So far, some efforts have been made to study the gas sensitivity of α-Fe₂O₃ with various morphologies. For example, Jimmy C. Yu and co-workers fabricated α-Fe₂O₃ nanorings through a wave-assisted hydrothermal process. They found that the thin film sensor made of the α-Fe₂O₃ nanorings exhibited high sensitivity and good reversibility for gas-sensing of alcohol under ambient conditions.⁶ Guoxiu Wang et al. reported a surfactant-free hydrothermal process to synthesize the α-Fe₂O₃ bamboo flute-like porous nanorods and hexapod-like nanostructures with subsequent calcination of the obtained precursors. The obtained materials have been used to detect ethanol, acetone and gasoline.⁸ Liu and Zhang et al. reported on the synthesis of α-Fe₂O₃ nanotubes through a carbon nanotube template process. The as-prepared α-Fe₂O₃ nanotubes exhibited superior sensitivity to hydrogen sulfide (H₂S) based on the catalytic chemiluminescence (CL).¹³ M. V. Reddy and his co-workers used a thermal treatment method to prepare nanoflakes of α-Fe₂O₃ on Cu foil and so on.¹⁴

Despite these achievements, the variety of shapes of α-Fe₂O₃ nanocrystals still needs to be greatly expanded to meet their growing applications. Particularly, considerable recent researches have focused on the synthesis of different shapes of micro/nanostructural polyhedra, such as cubes, octahedra, dodecahedra, 14-facets polyhedra, icosahedra etc. because of their shape-related potential applications in many fields, such as gas sensors, optics, catalysts, electrode materials and so on.^6–10 As a rhombohedral structure of α-Fe₂O₃, fabrication of its nanocrystals with a defined shape, especially with special exposed facets that would bring with it high and special activities, might exploit its novel applications and widen its application ranges.¹⁵ For example, Rodriguez et al. found that the thermolysis of acidic ferric chloride could lead to monodispersed hematite nanocrystallites of rhombohedral shape with facets belonging to the {104} family.¹⁶ Very recently, Gao and co-workers reported on the synthesis of unusual tetrakaidecahedral and oblique parallelepiped iron oxide nanocrystals with exposed high index facets, which was found to exhibit unusual magnetic properties.¹⁷ To enrich the research in this area, herein, we exploit a facile surfactant-free hydrothermal method to fabricate α-Fe₂O₃ with a special oblique parallelepiped morphology, which involves oriented aggregation and Ostwald ripening. The obtained α-Fe₂O₃ nanocrystals have exposed facets of {012}, {01–4} and {−210}, which makes it possible to facilitate their applications. Correspondingly, the obtained nanostructures have been fabricated into gas sensors and used to detect some gases such as ethanol and acetone. The results show that the gas sensors based on the as-synthesized α-Fe₂O₃ nanostructures exhibit high sensitivity, short recovery time, and good reproducibility in ethanol and acetone, which should be attributed to the surface structure of the nanocrystals. The as-prepared α-Fe₂O₃ nanocrystals may bring us a new opportunity to exploit their other applications in the future.

2. Experimental

In this experiment, all the chemical reagents are reagent grade and used without further purification.

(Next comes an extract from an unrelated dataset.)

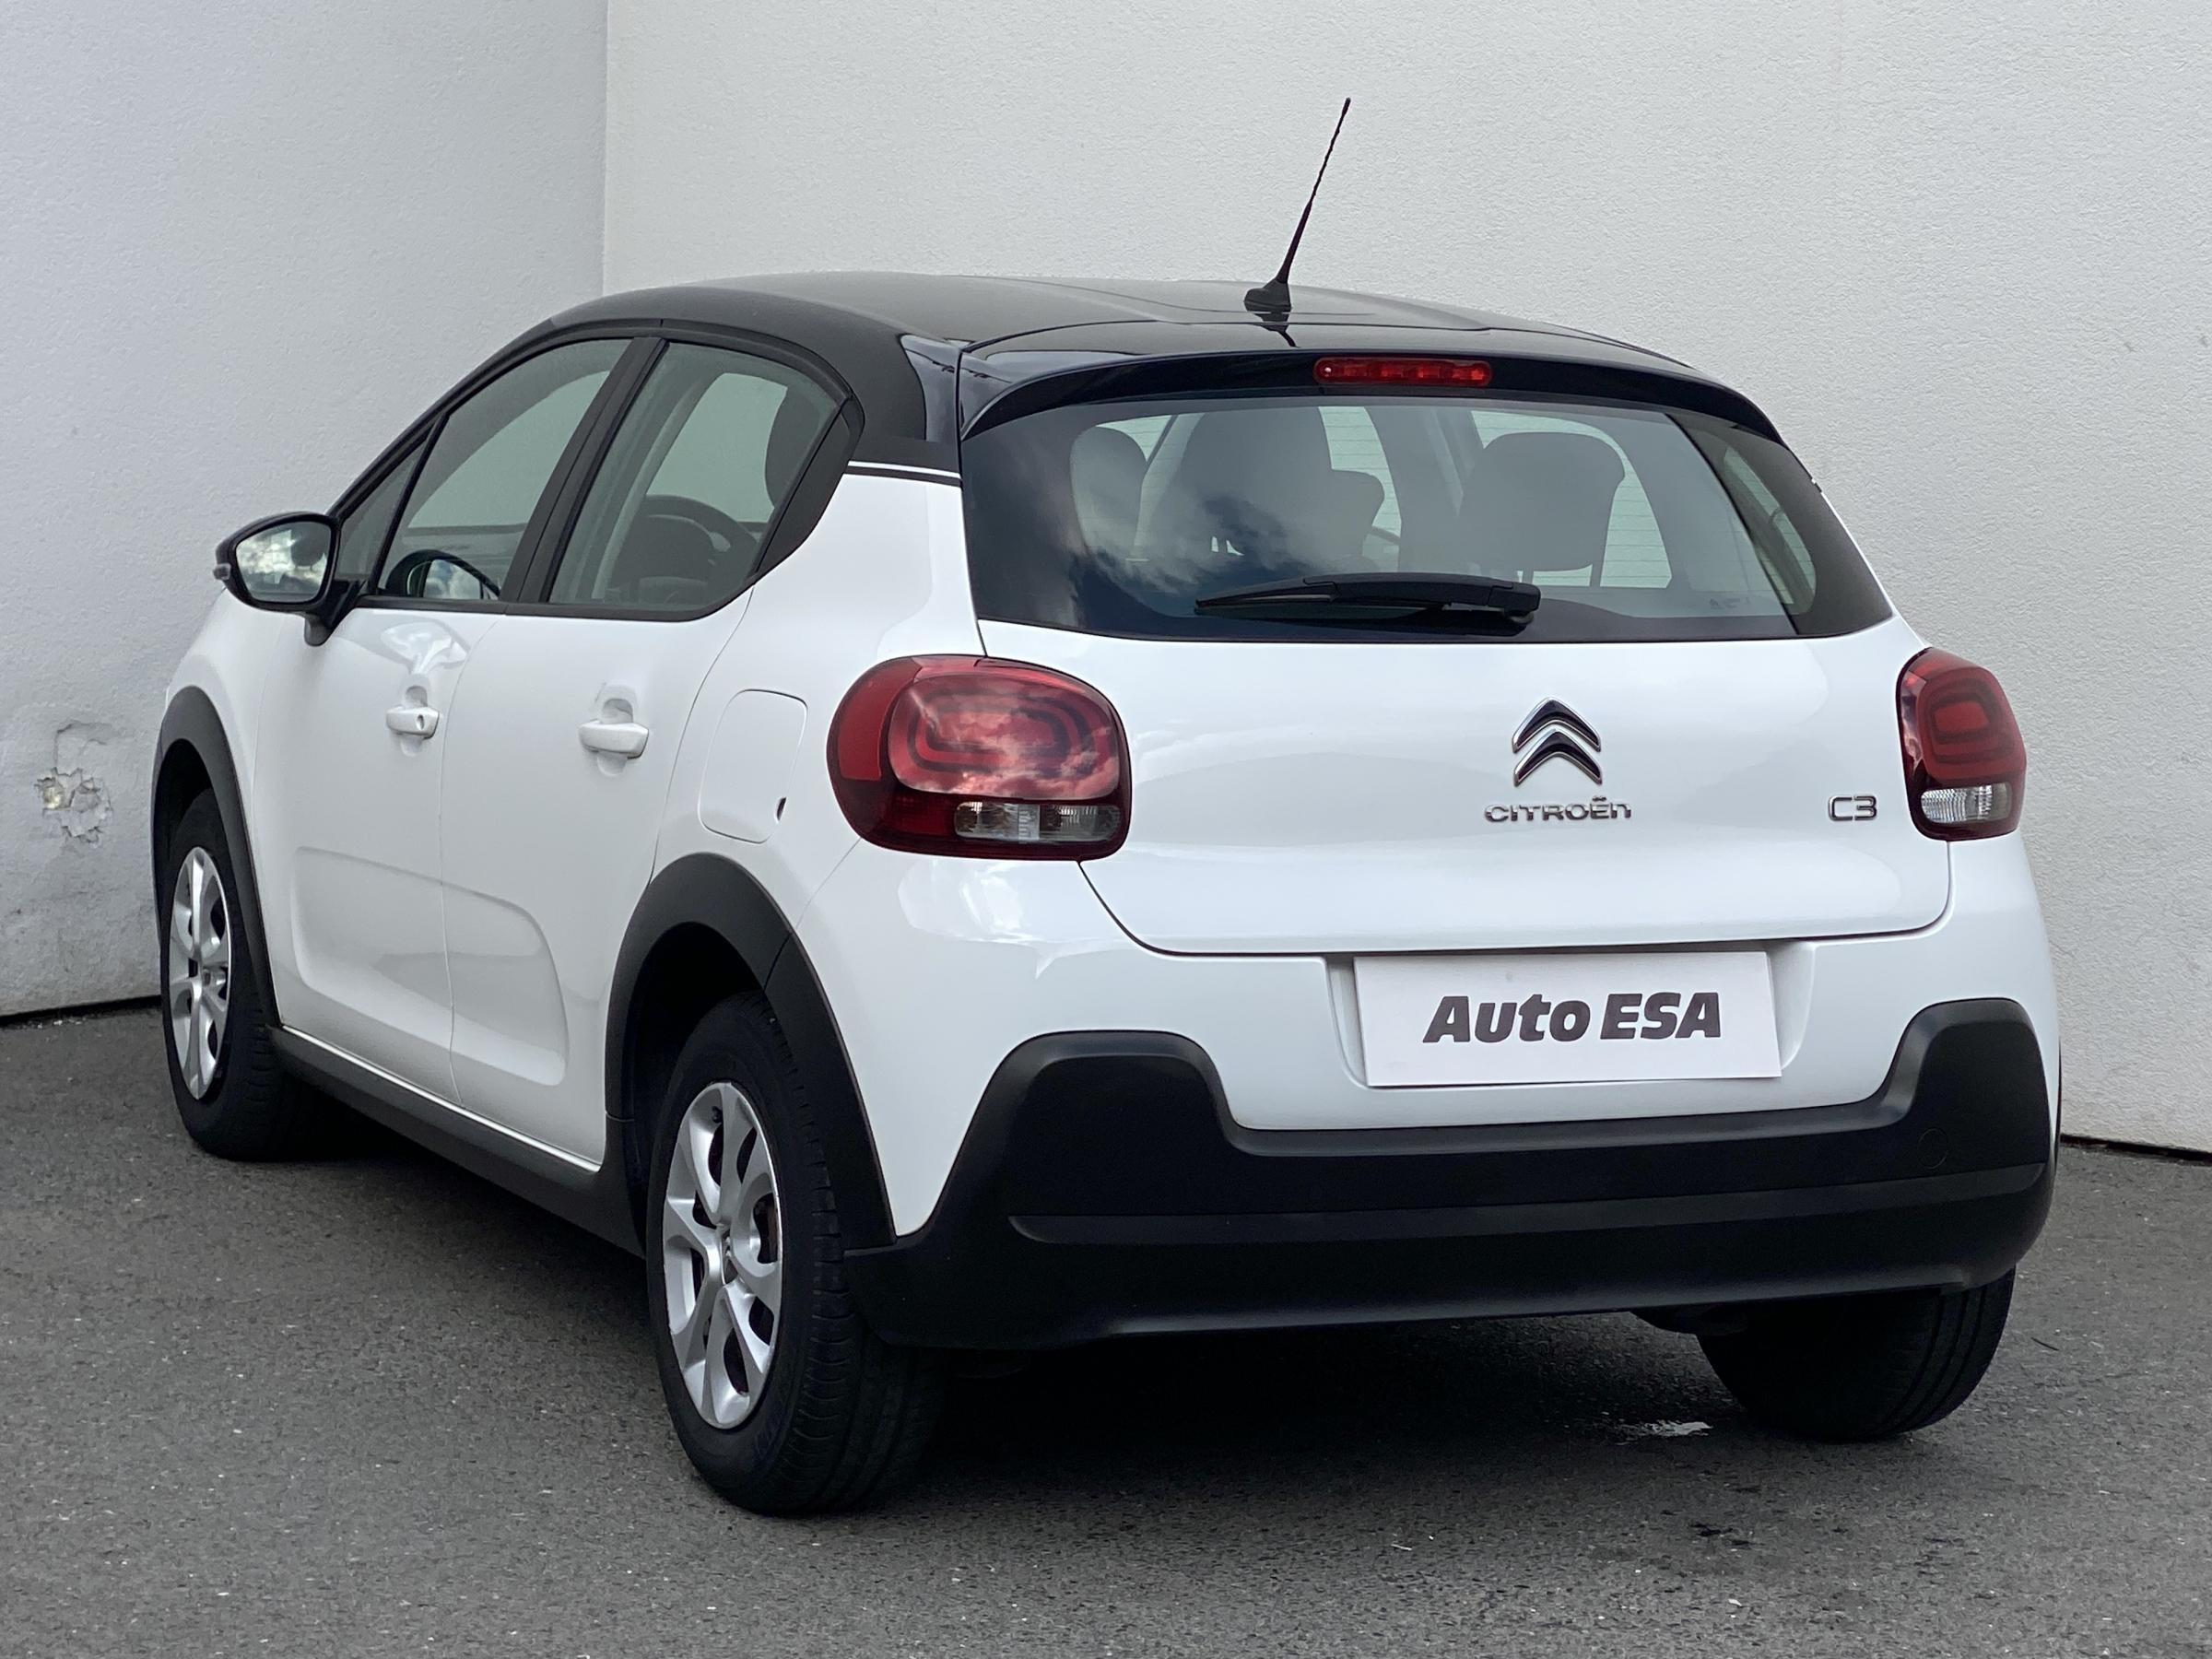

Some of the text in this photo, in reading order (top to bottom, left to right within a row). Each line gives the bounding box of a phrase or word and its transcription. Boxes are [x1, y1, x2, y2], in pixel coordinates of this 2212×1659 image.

[1828, 795, 1877, 821] C3
[1422, 992, 1721, 1042] Auto ESA
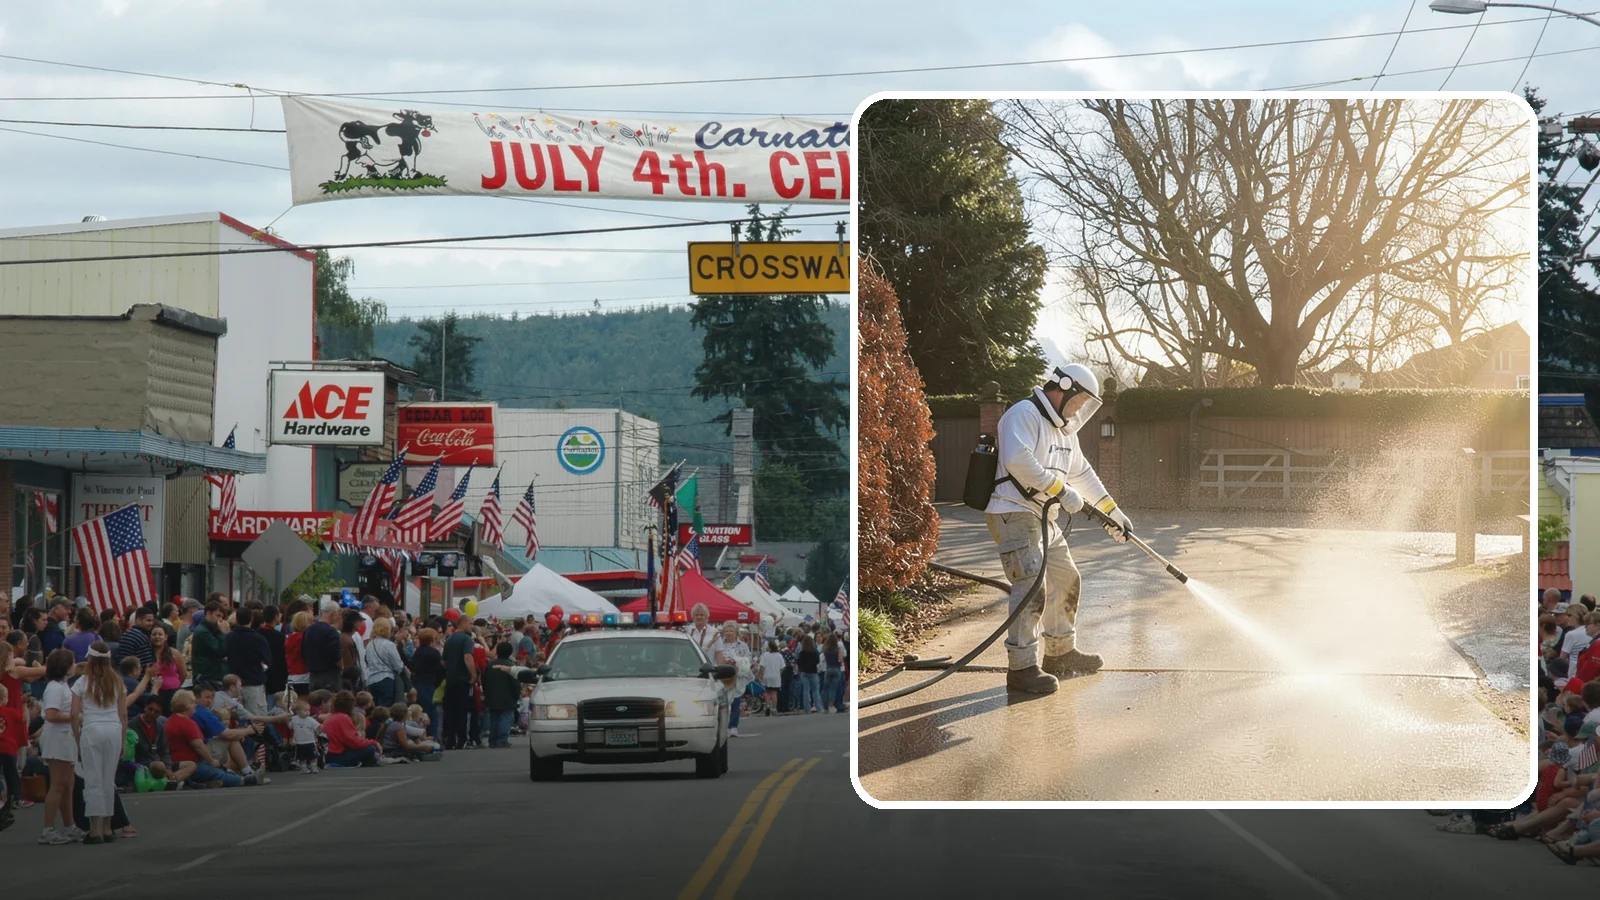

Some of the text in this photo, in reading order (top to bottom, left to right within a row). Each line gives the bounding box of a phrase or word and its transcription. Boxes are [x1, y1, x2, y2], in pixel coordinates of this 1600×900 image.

2.1 Synthesis of α-Fe₂O₃ nanocrystals

In this experiment, 1 mmol ferric chloride hexahydrate (FeCl₃·6H₂O) and 15 mmol urea (CH₄N₂O) were added into 25 ml deionized water, and a magnetic stirrer was used for 30 min to form a homogeneous mixture. Then, this homogenous mixture was transferred to a 50 ml Teflon® lined vessel. The Teflon lined vessel was kept in an oven at 120 °C for 15 h. After the reaction system cooled to room temperature naturally, the precipitate was washed repeatedly more than three times with distilled water and absolute alcohol, respectively. The as-prepared precipitate was separated from the solution by centrifugation at 6000 rpm and the final product was dried at 60 °C in a vacuum oven for 12 h for further characterization.

2.2 Characterization

X-Ray powder diffraction (XRD) was carried out on an XRD-6000 (Shimadzu Instruments, Japan) X-ray diffractometer with Cu Kα radiation (λ = 1.54060 Å) at a scanning rate of 0.05° s⁻¹. Scanning electron microscopy (SEM) micrographs were taken using a Hitachi S-4800 scanning electron microscope. Transmission electron microscopy (TEM) micrographs and high-resolution transmission electron microscopy (HRTEM) was performed using JEM 2010 F microscopes. Specific surface areas were computed from the results of N₂ physisorption at 77 K (model: BECKMAN SA3100 COULTER) using the BET (Brunauer-Emmet-Teller) formalism.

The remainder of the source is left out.